So like everyone's on the exact same page and you take it off and you're treading.
You're treading at one arm.
You have to hold it up with one arm until everybody is ready.
You know, and it takes two minutes at least to get these things off.
It's like stuck to you.
Kids don't know what they're doing.
Some kids literally are being held up by other people.
I shouldn't say kids really like adults at this time.
And we're treading, we're treading.
And then it's like, ready, ready to attack.
Switch with somebody. You switch now ready, ready to attack. Switch with somebody.
You switch.
Now ready, ready to attack.
Put it on.
So think of like a wet rag, like stuck together and you're like trying to like
find the opening and you're treading still for like, we're at like minute
eight of treading and then we put it on and we're like all just dying.
Some kids are near drowning, like genuinely just two people holding their
arms up and they're like, their head is barely the water. And if they don't complete it,
restart. We did like four rounds of this thing. And they would,
they look at the team captain and go, how quick can you do it?
And they wanted to push the hell out of us.
And the team captain says something like two minutes. Okay, do it again.
They look at them again. You didn't, you didn't 150. How quick can you do it?
130. They're like, all right, 130. You did it in 125, how quick are you doing?
All right, 120.
We do it, we get all the way down to like 115, 120.
And we're all, we've been training water
for like 40 fricking minutes.
Cause in between, maybe you get like a quick,
put the shoulder on something, but you're back.
Crazy experience.
And that is pre-YouTube challenge.
So like doing that definitely showed me like,
you're capable of so much.
Those seals that day were like,
listen, when you think you're done,
when you think you're done,
not just like, oh, I'm tired, I'm done.
When you think you're truly done,
you have 40% left in the tank.
And you need to tell yourself that every single time
when you're on the field,
when you think you're done, 40% left, keep pushing.
And I was like, damn, I'm gonna live by that.
And like, obviously I'm not a Navy SEAL by any means
or anything, but like that stuck with me.
And when I get in those moments, I think there's still 40,
like that still sticks with me, 40% left.
When I'm on a marathon and I'm at mile 24,
still 40% left sadly.
Yeah, I wonder again, how many people would benefit
from really formative experiences like that?
You know, it's such an opportunity for you to do it as a college athlete,
but most people get out of that.
You know, I hear about, um, these.
Alpha bootcamp things that are happening.
I know the owners and there's a bunch of them.
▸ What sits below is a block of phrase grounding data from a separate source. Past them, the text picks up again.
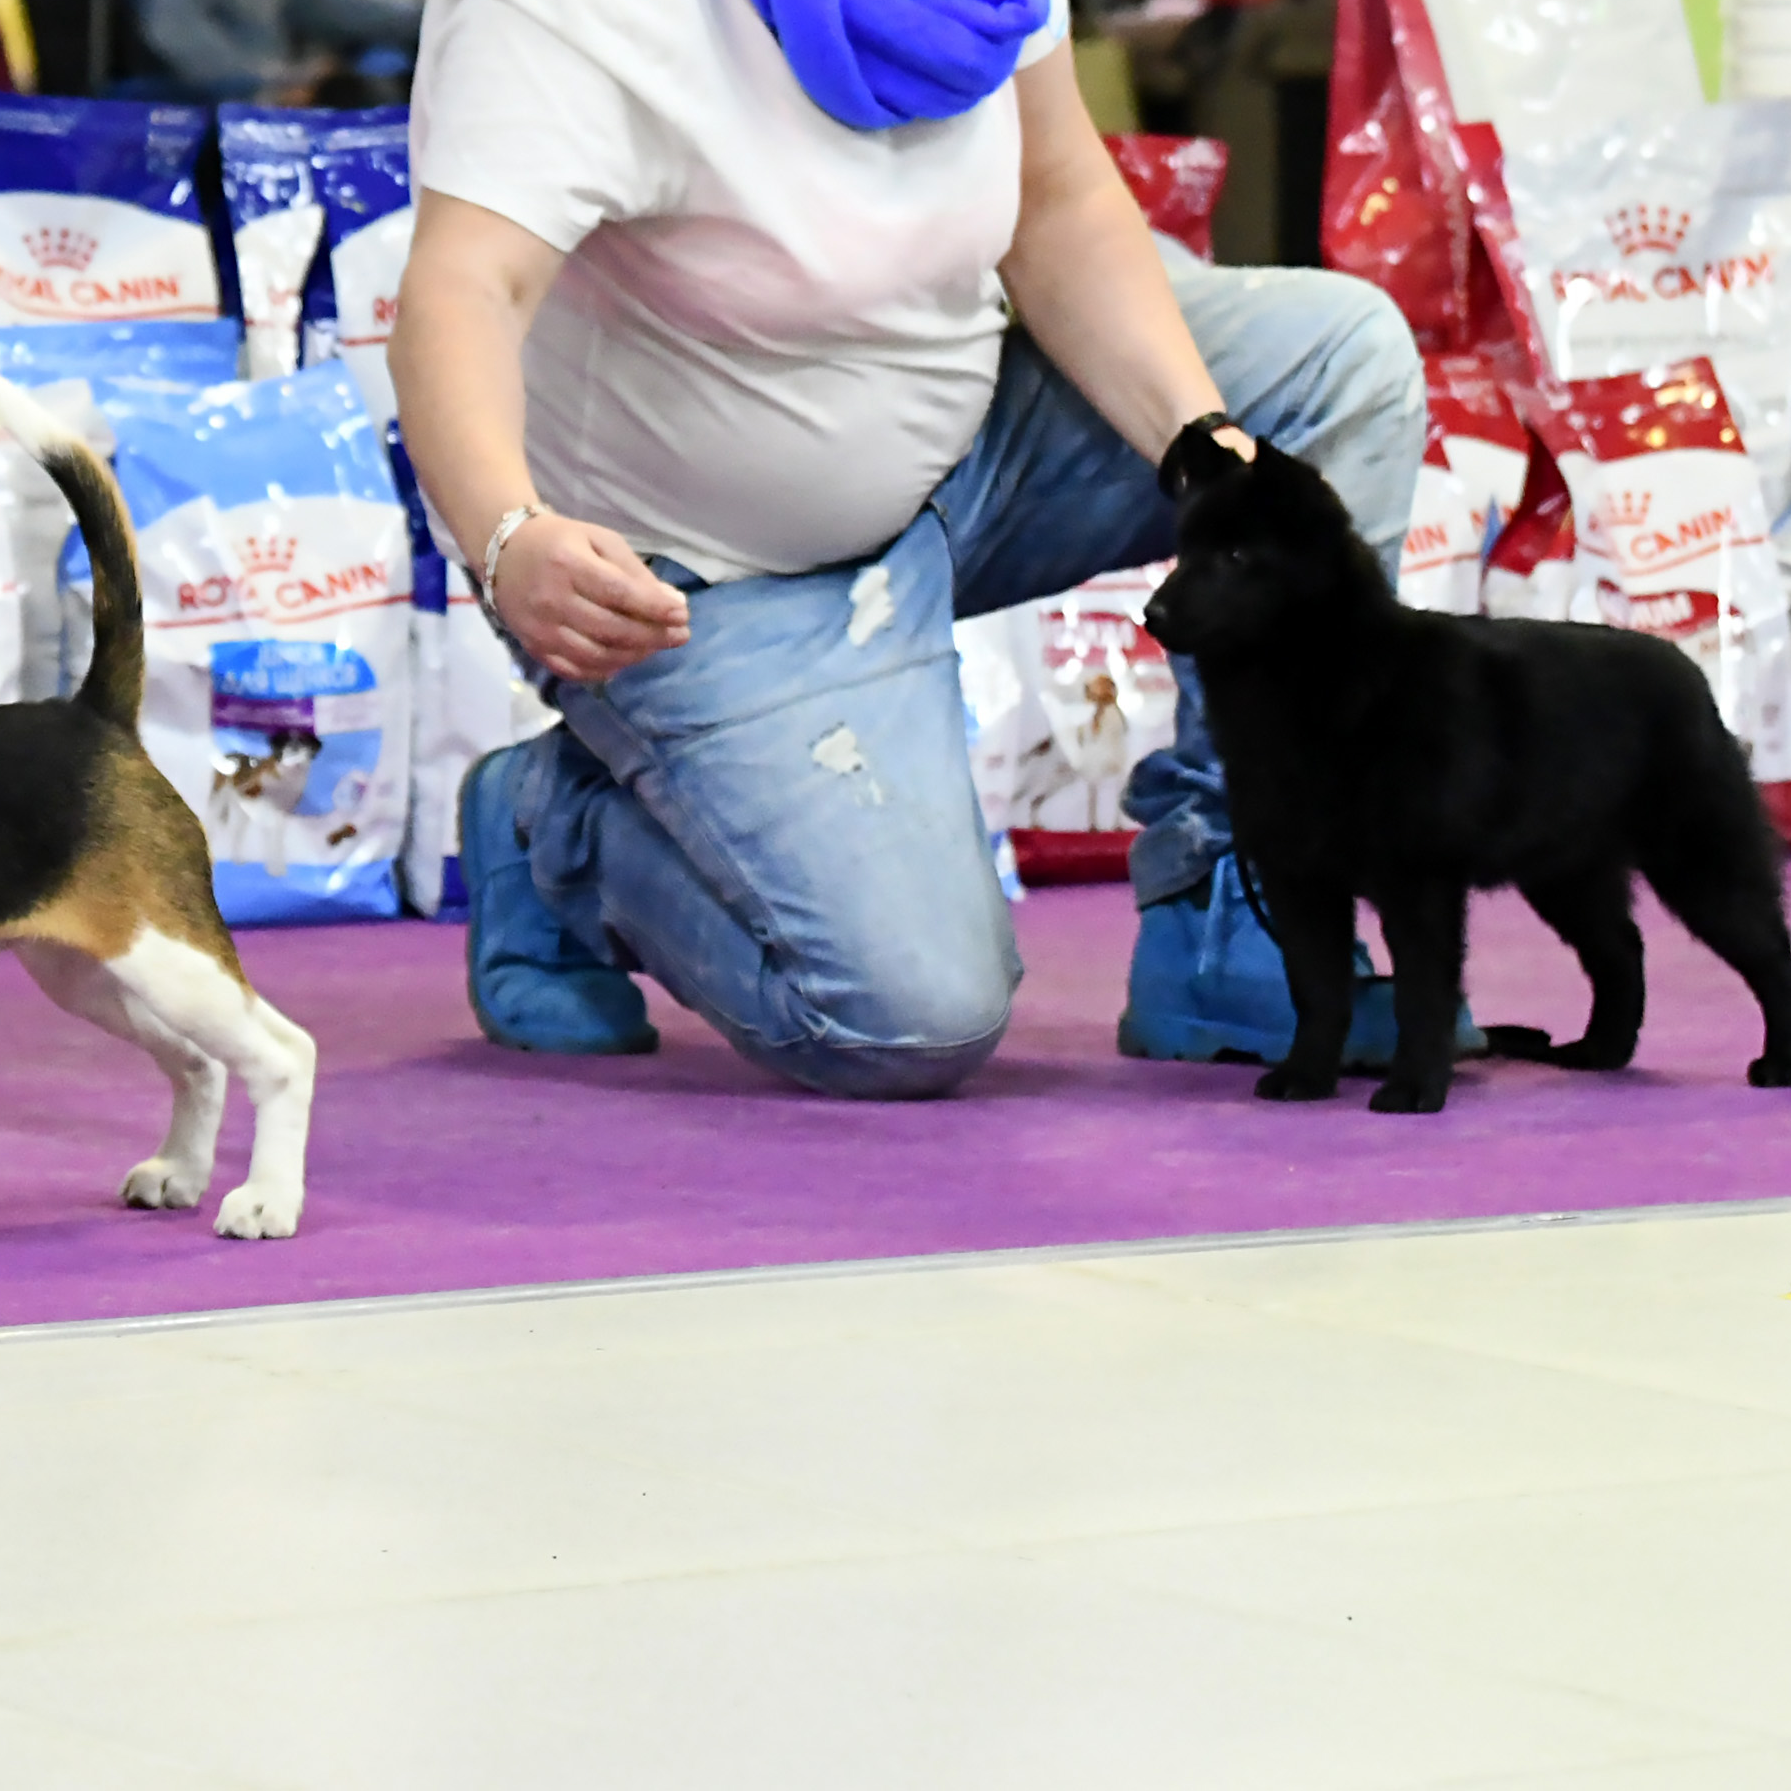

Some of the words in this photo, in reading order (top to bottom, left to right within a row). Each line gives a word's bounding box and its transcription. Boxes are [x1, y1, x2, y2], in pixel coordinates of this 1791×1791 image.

[69, 275, 182, 306] CANIN
[1630, 507, 1735, 560] CANIN
[275, 561, 387, 609] CANIN
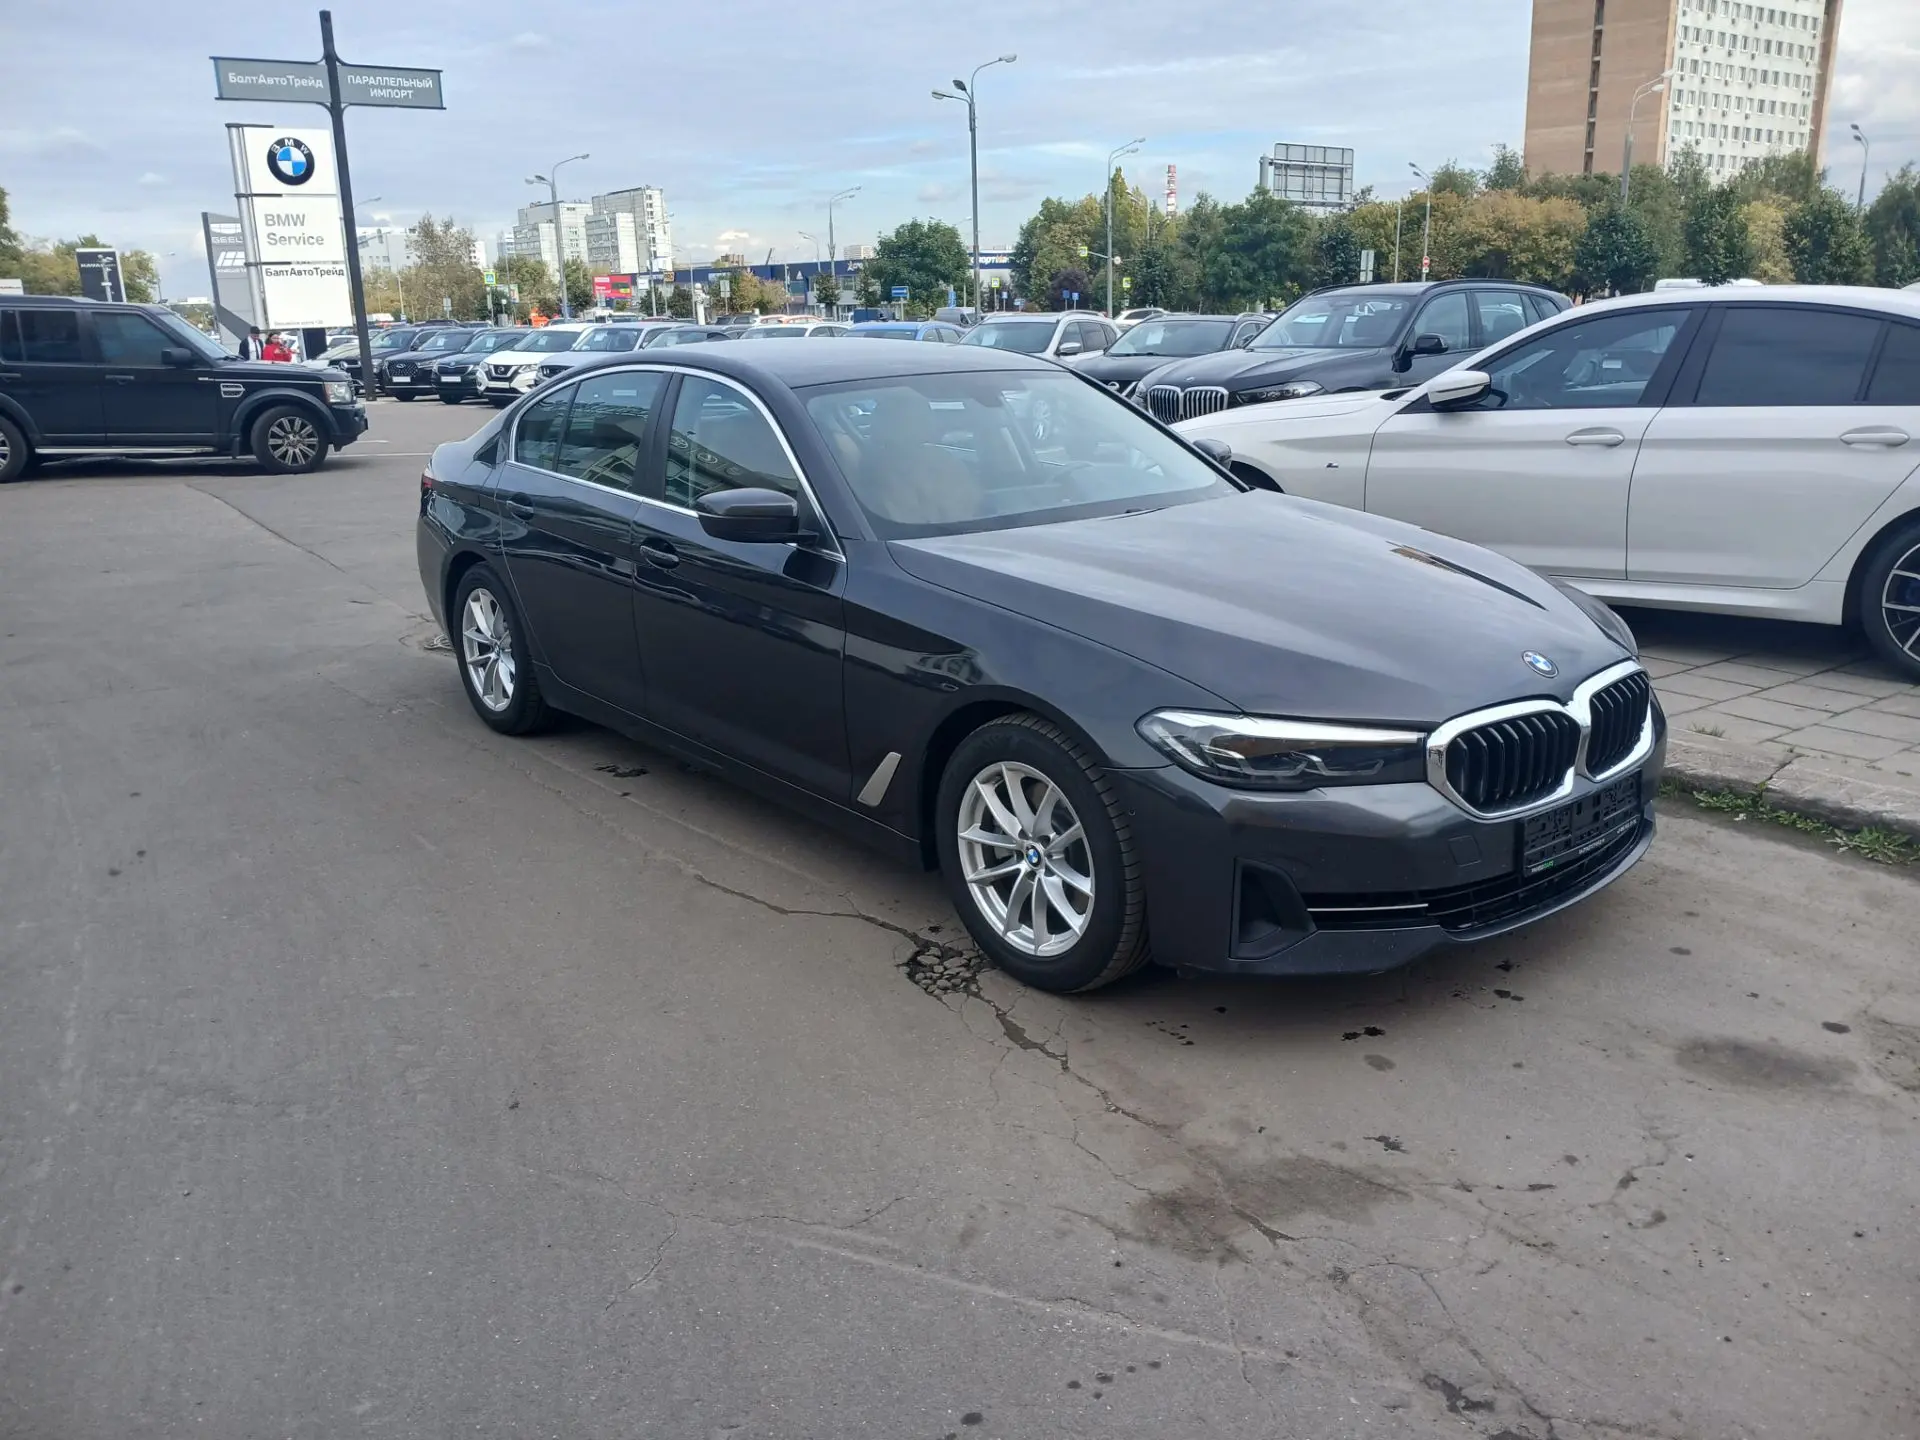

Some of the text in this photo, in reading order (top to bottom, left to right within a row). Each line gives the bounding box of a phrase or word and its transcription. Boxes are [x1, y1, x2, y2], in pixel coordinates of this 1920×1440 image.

[228, 72, 324, 88] БалтАвтоТрейд
[347, 75, 433, 89] ПАРАЛЛЕЛЬНЫЙ
[370, 88, 414, 99] ИМПОРТ
[270, 138, 310, 155] BMW
[264, 213, 306, 227] BMW
[266, 232, 325, 246] Service
[265, 266, 345, 278] БалтАвтоТрейд
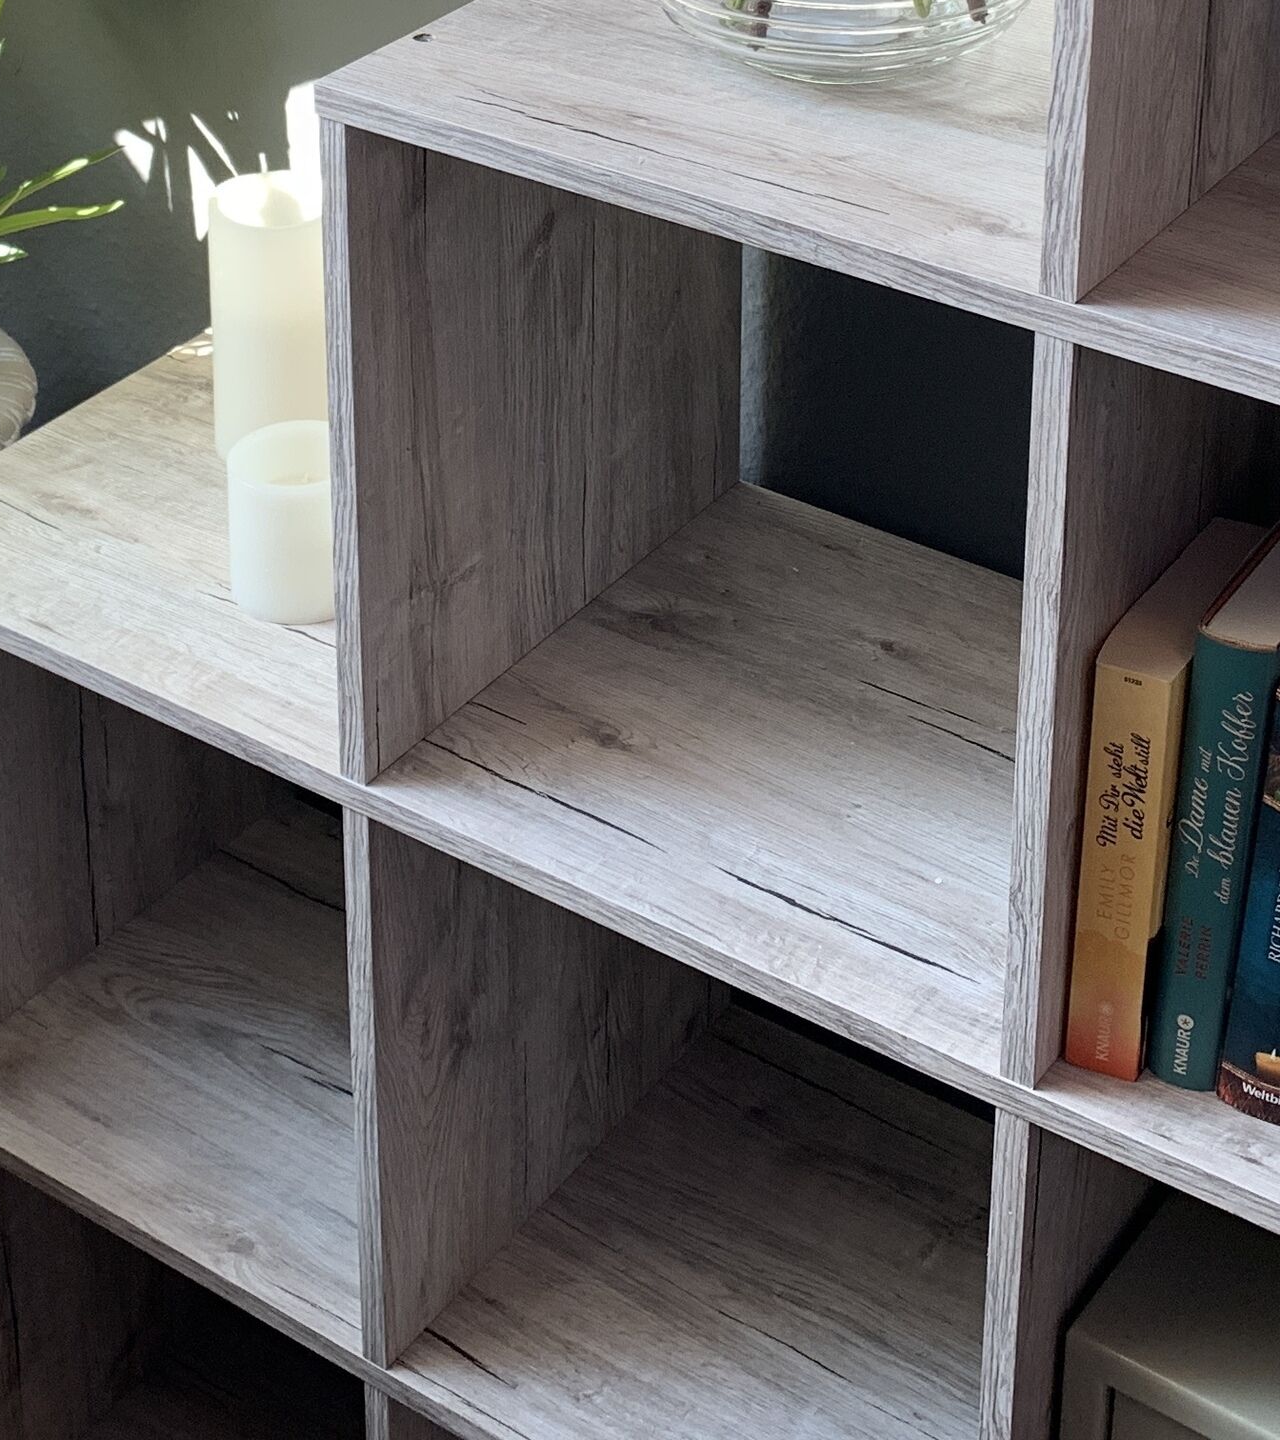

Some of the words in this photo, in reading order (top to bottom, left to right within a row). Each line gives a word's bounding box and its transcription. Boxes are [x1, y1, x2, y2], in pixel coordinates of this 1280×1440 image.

[1130, 732, 1151, 766] still
[1217, 690, 1257, 781] Koffer
[1103, 742, 1124, 779] steht
[1098, 784, 1121, 813] Dir
[1121, 763, 1149, 804] Welt
[1178, 777, 1209, 854] Dame
[1198, 745, 1213, 773] mit
[1095, 815, 1118, 848] Mit
[1122, 809, 1145, 840] die
[1206, 787, 1242, 871] blauen
[1096, 862, 1116, 921] EMILY
[1114, 854, 1137, 940] GILLMOR
[1213, 877, 1231, 904] dem
[1096, 1014, 1113, 1061] KNAUR
[1173, 1028, 1191, 1076] KNAUR
Uh, bed Ross has been on the show.
Yeah.
If you know him, uh, and.
There's it's kind of easy to mock online because the storyline tells you too much.
It's just way too easy of a headline where someone says, uh, man pays $10,000 to
have dude with beard and full sleeve shouted him while he doesn't sleep.
You know, it's a funny headline, but when you actually look at what those kinds
of formative experiences maybe teach you and the fact that you got to learn that
at 18, the reason that it's a bit, that people think it's a bit cringe, and it
might be cringe, I'm not too sure.
The reason that people think it's a bit cringe is why are you at 45 needing this?
And you go, well, what if you've never had it before?
Exactly.
What if you've never pushed yourself to that place before?
Normal person, at what point in your life are you going beyond that 40%
line that you think is your normal one?
Even someone that runs a marathon, if they're preparing for six months or a
full year for it, it should be a relatively sure thing, unless you've got some sort of weird pathology
and your heart blows up halfway.
Yeah.
It's difficult and impressive, but relatively.
And then you go, okay, what about an Ironman?
Well, okay, even with that,
the point is that you're training
to be able to do the thing.
Yeah.
It would be almost like.
I see what you're saying.
Doing something that you're almost not prepared for
to torture yourself so much
that you will gain a much more valuable lesson
than if you prepared for it.
Yeah, of course.
Which is crazy.
Yes.
And going through that, I'm very great.
This is where the moments where I then look back
at my dad setting me up in these situations
where I'm like, thank you so much for,
even though it was rocky at times,
thank you so much for making me go do this
because there's a reason I'm in the position I am.
There's a reason I can handle so much.
And there's a reason that I can push myself so much.
And it all falls back to being in the rain,
the hail, the snow,
him throwing the ball a million times.
And I'm like, why are we doing this?
It all makes sense now.
And the way liver King is,
is why I respect him so much.
And yes, he has had his scandals, but as a man, and you could argue this because he lied,
whatever.
As a man that I know, as he's like a friend of mine, I see his sons and then I see the
way he is with them and how it was similar to my father and the way that he pushes them
and the way that my dad pushed me.
And I look at, I looked, I told them and I said, I said, I know it might not make sense
now what your dad is doing and how you got to do the barbarian. You got to, you know, be strict with
your diet or whatever. I'm like, it's going to make, give it 10 years. You're going to thank him.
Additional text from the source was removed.